Aim of the exercise
Go through the entries and transcribe each one exactly, dropping the pictures.

(Referring expression grounding data)
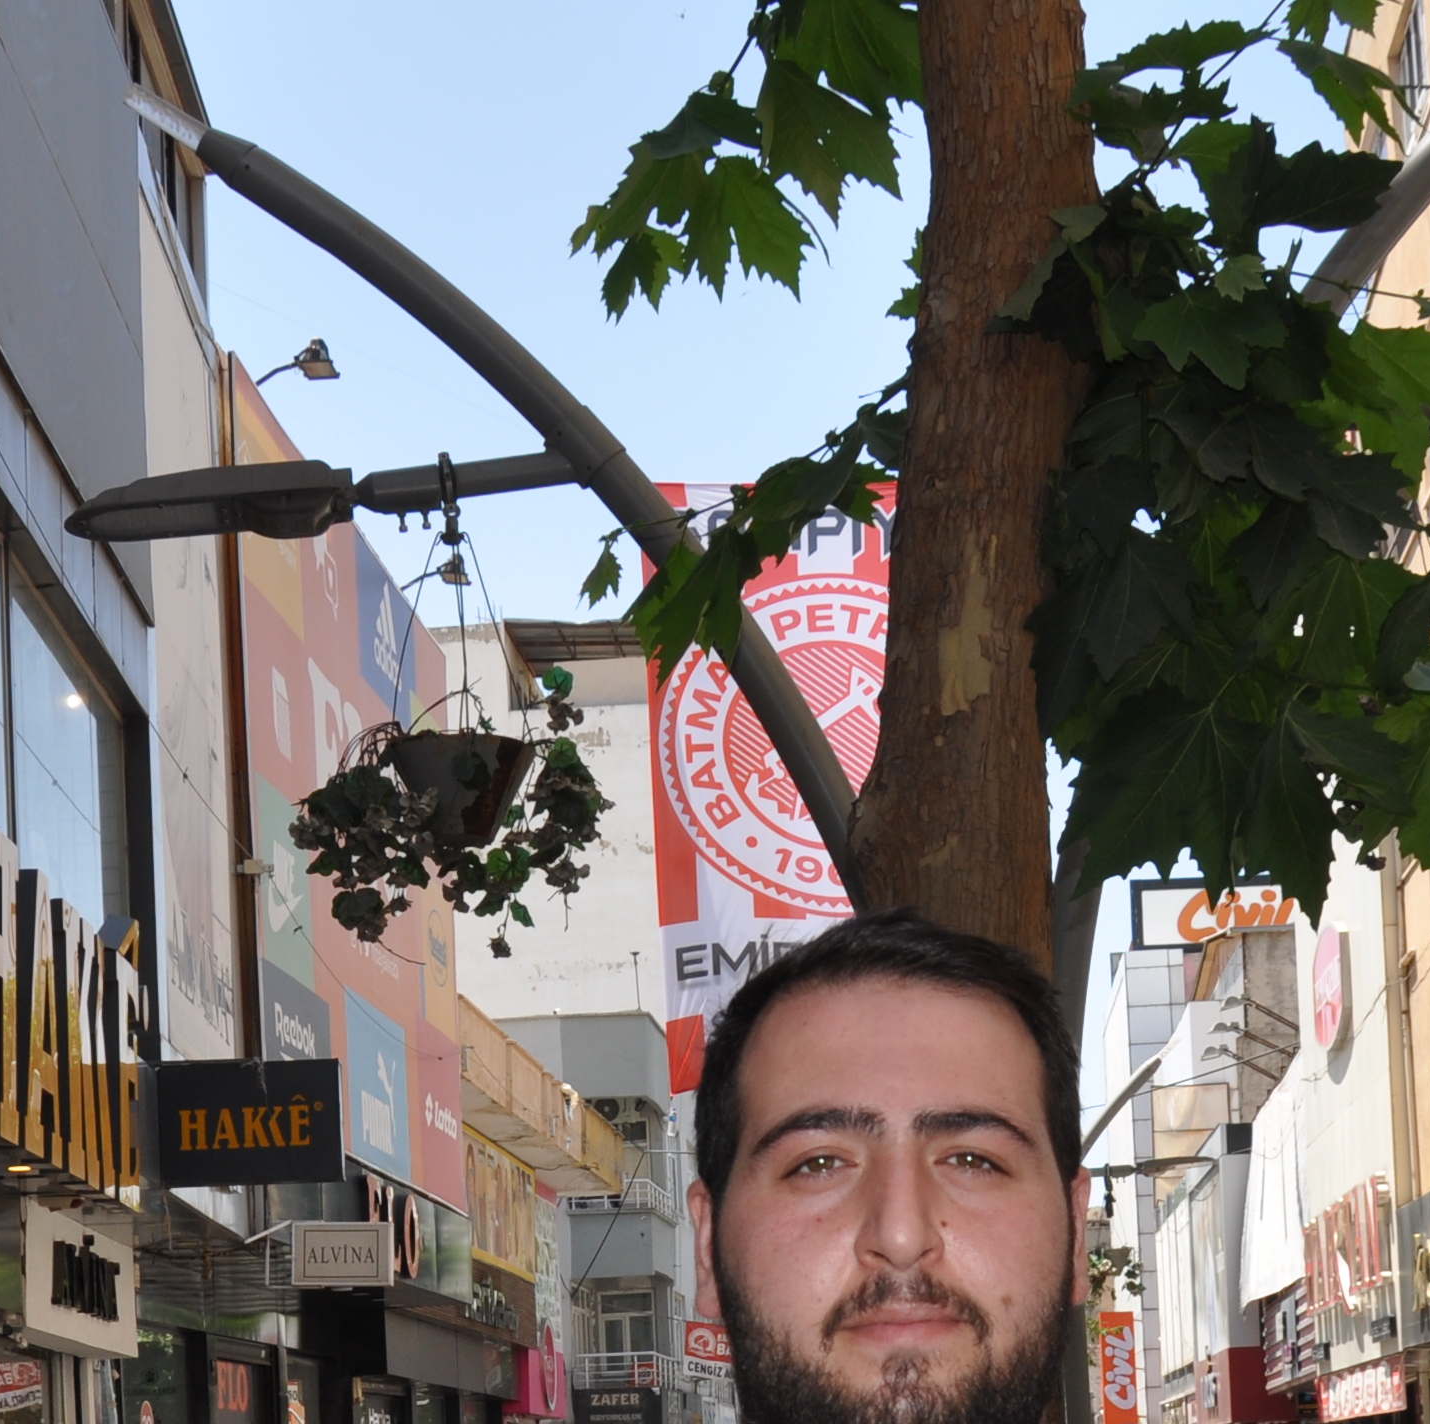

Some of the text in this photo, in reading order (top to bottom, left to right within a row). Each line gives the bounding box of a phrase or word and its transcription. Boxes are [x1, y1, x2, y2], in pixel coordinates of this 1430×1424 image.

[684, 656, 737, 831] BATMA
[274, 1002, 316, 1060] Reebok
[307, 1244, 375, 1264] ALVİNA
[216, 1358, 250, 1412] FLO
[688, 1361, 722, 1378] CENGİZ
[590, 1393, 640, 1406] ZAFER

Completed task
Some of the text in this photo, in reading order (top to bottom, left to right within a row). Each line gives the bounding box of a phrase or word and its transcription. Boxes are [x1, y1, x2, y2], in pixel coordinates of this 1430×1424 image.

[684, 656, 737, 831] BATMA
[274, 1002, 316, 1060] Reebok
[307, 1244, 375, 1264] ALVİNA
[216, 1358, 250, 1412] FLO
[688, 1361, 722, 1378] CENGİZ
[590, 1393, 640, 1406] ZAFER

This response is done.